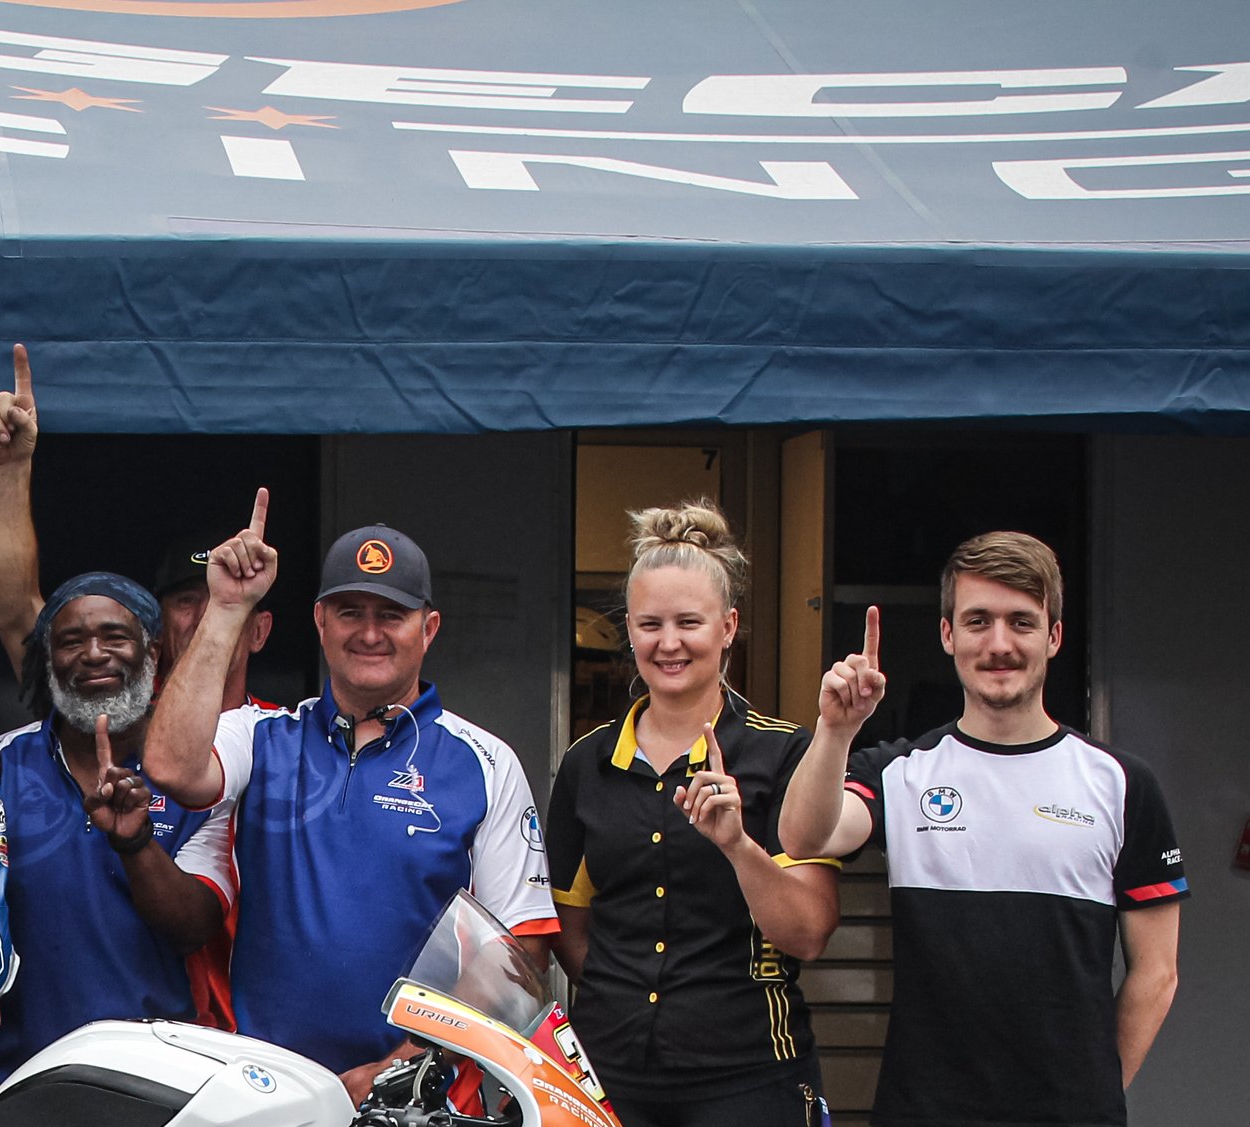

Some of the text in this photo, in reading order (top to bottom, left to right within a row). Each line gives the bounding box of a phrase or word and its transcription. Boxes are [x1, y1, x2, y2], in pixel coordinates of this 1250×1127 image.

[701, 450, 717, 470] 7
[381, 804, 423, 815] RACING
[1037, 804, 1095, 823] alpha
[406, 1004, 469, 1030] URIBE

_ _ _ _ _ _ _

| Exercise requirements |
Output each record verbatim and leave out its pictures.

| Task result |
Some of the text in this photo, in reading order (top to bottom, left to right within a row). Each line gives the bounding box of a phrase or word and its transcription. Boxes are [x1, y1, x2, y2], in pixel coordinates of this 1250×1127 image.

[701, 450, 717, 470] 7
[381, 804, 423, 815] RACING
[1037, 804, 1095, 823] alpha
[406, 1004, 469, 1030] URIBE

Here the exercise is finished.